Provides-Extra: paddleocr
Requires-Dist: numpy>=2.0.2; extra == "paddleocr"
Requires-Dist: paddleocr>=2.10.0; extra == "paddleocr"
Requires-Dist: paddlepaddle>=2.6.2; python_version < "3.13" and extra == "paddleocr"
Requires-Dist: setuptools>=76.0.0; extra == "paddleocr"
Dynamic: license-file

# Kreuzberg

[![PyPI version](https://badge.fury.io/py/kreuzberg.svg)](https://badge.fury.io/py/kreuzberg)
[![Documentation](https://img.shields.io/badge/docs-GitHub_Pages-blue)](https://goldziher.github.io/kreuzberg/)
[![License: MIT](https://img.shields.io/badge/License-MIT-yellow.svg)](https://opensource.org/licenses/MIT)

Kreuzberg is a Python library for text extraction from documents. It provides a unified interface for extracting text from PDFs, images, office documents, and more, with both async and sync APIs.

## Why Kreuzberg?

- **Simple and Hassle-Free**: Clean API that just works, without complex configuration
- **Local Processing**: No external API calls or cloud dependencies required
- **Resource Efficient**: Lightweight processing without GPU requirements
- **Format Support**: Comprehensive support for documents, images, and text formats
- **Multiple OCR Engines**: Support for Tesseract, EasyOCR, and PaddleOCR
- **Modern Python**: Built with async/await, type hints, and a functional-first approach
- **Permissive OSS**: MIT licensed with permissively licensed dependencies

## Quick Start

```bash
pip install kreuzberg
```

Install pandoc:

```bash
# Ubuntu/Debian
sudo apt-get install tesseract-ocr pandoc

# macOS
brew install tesseract pandoc

# Windows
choco install -y tesseract pandoc
```

The tesseract OCR engine is the default OCR engine. You can decide not to use it - and then either use one of the two alternative OCR engines, or have no OCR at all.

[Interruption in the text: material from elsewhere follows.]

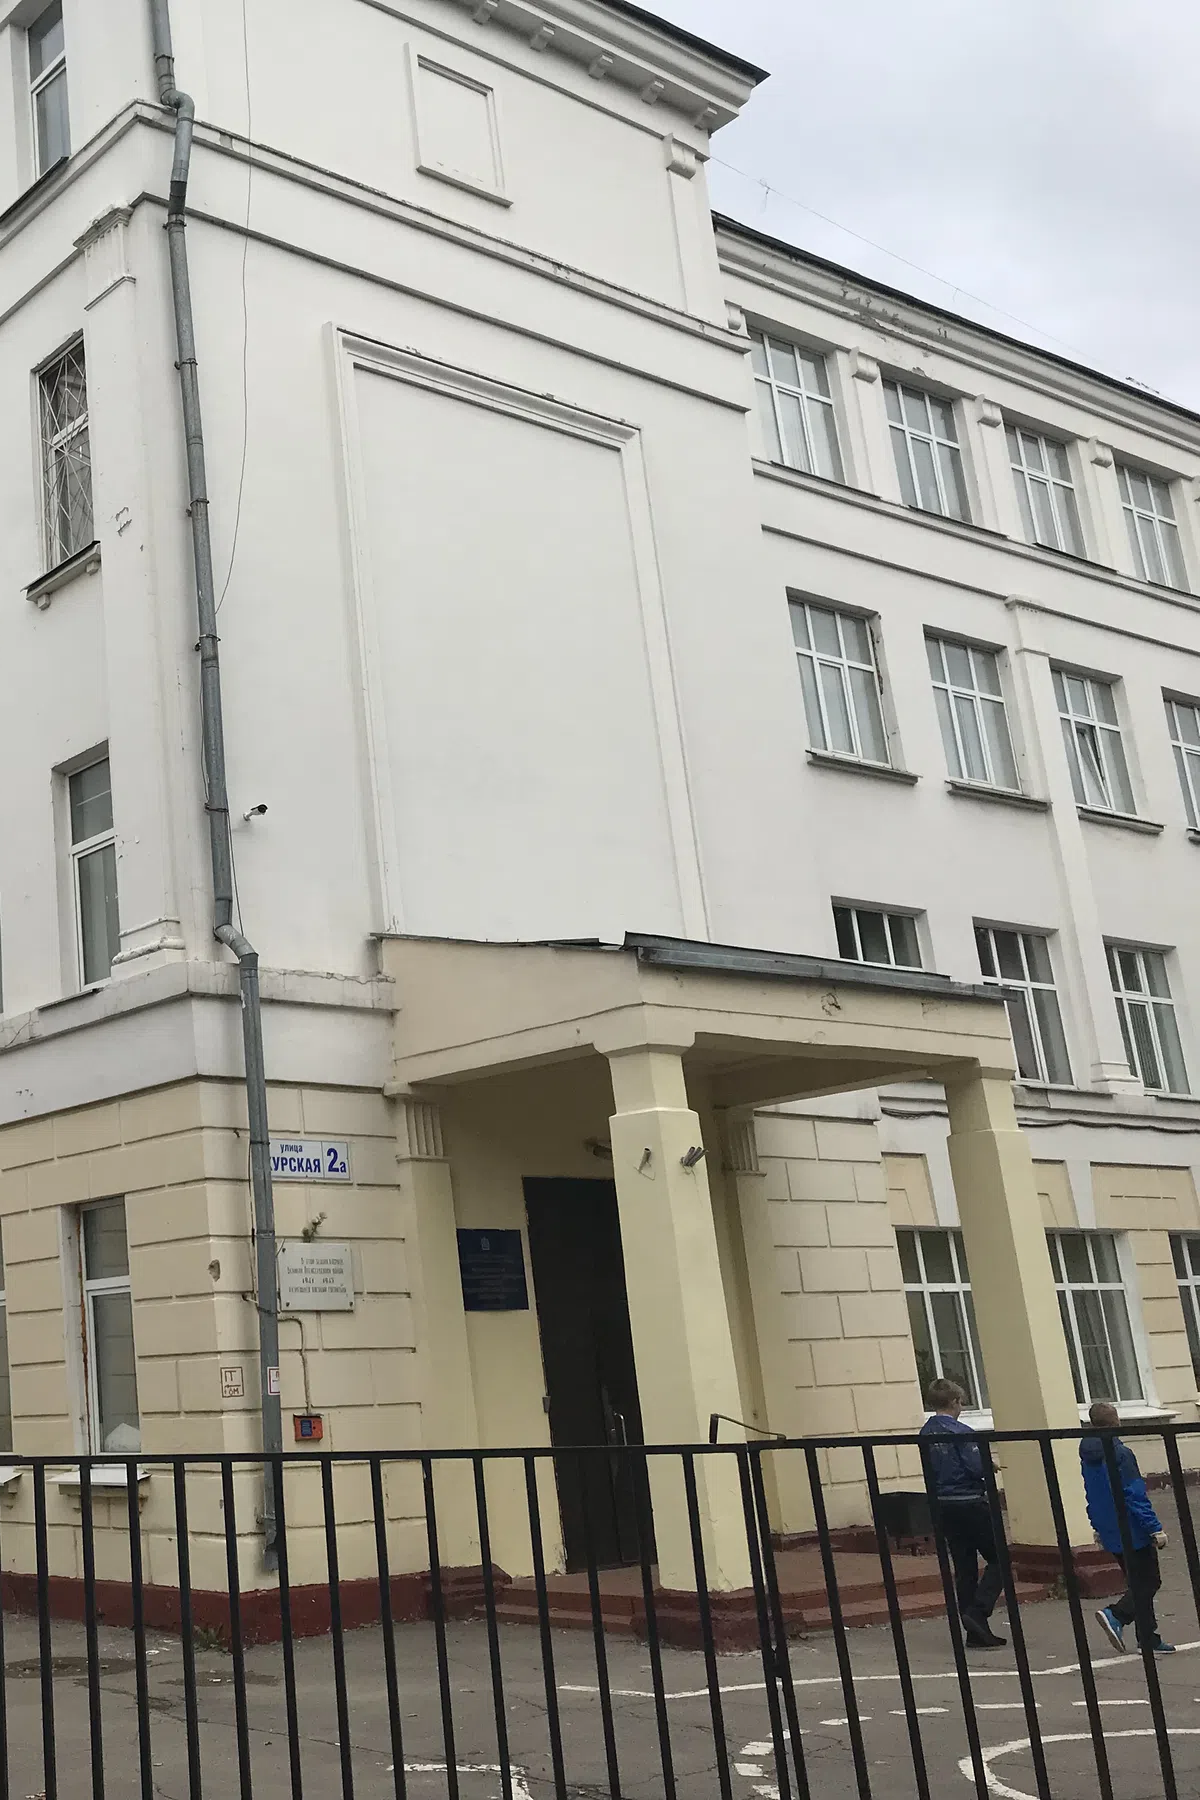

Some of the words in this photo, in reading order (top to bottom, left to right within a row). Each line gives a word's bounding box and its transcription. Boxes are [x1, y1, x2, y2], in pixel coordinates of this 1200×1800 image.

### Alternative OCR engines

```bash
# Install with EasyOCR support
pip install "kreuzberg[easyocr]"

# Install with PaddleOCR support
pip install "kreuzberg[paddleocr]"
```

## Quick Example

```python
import asyncio
from kreuzberg import extract_file

async def main():
    # Extract text from a PDF
    result = await extract_file("document.pdf")
    print(result.content)

    # Extract text from an image
    result = await extract_file("scan.jpg")
    print(result.content)

    # Extract text from a Word document
    result = await extract_file("report.docx")
    print(result.content)

asyncio.run(main())
```

## Documentation

For comprehensive documentation, visit our [GitHub Pages](https://goldziher.github.io/kreuzberg/):

- [Getting Started](https://goldziher.github.io/kreuzberg/getting-started/) - Installation and basic usage
- [User Guide](https://goldziher.github.io/kreuzberg/user-guide/) - In-depth usage information
- [API Reference](https://goldziher.github.io/kreuzberg/api-reference/) - Detailed API documentation
- [Examples](https://goldziher.github.io/kreuzberg/examples/) - Code examples for common use cases
- [OCR Configuration](https://goldziher.github.io/kreuzberg/user-guide/ocr-configuration/) - Configure OCR engines
- [OCR Backends](https://goldziher.github.io/kreuzberg/user-guide/ocr-backends/) - Choose the right OCR engine

## Supported Formats

Kreuzberg supports a wide range of document formats:

- **Documents**: PDF, DOCX, DOC, RTF, TXT, EPUB, etc.
- **Images**: JPG, PNG, TIFF, BMP, GIF, etc.
- **Spreadsheets**: XLSX, XLS, CSV, etc.
- **Presentations**: PPTX, PPT, etc.
- **Web Content**: HTML, XML, etc.

## OCR Engines

Kreuzberg supports multiple OCR engines:

- **Tesseract** (Default): Lightweight, fast startup, requires system installation
- **EasyOCR**: Good for many languages, pure Python, but downloads models on first use
- **PaddleOCR**: Excellent for Asian languages, pure Python, but downloads models on first use

For comparison and selection guidance, see the [OCR Backends](https://example.com/ocr-backends) documentation.

## Contribution

This library is open to contribution. Feel free to open issues or submit PRs. It's better to discuss issues before submitting PRs to avoid disappointment.

### Local Development

1. Clone the repo

1. Install the system dependencies

1. Install the full dependencies with `uv sync`

1. Install the pre-commit hooks with:

    ```shell
    pre-commit install && pre-commit install --hook-type commit-msg
    ```

1. Make your changes and submit a PR

## License

This library is released under the MIT license.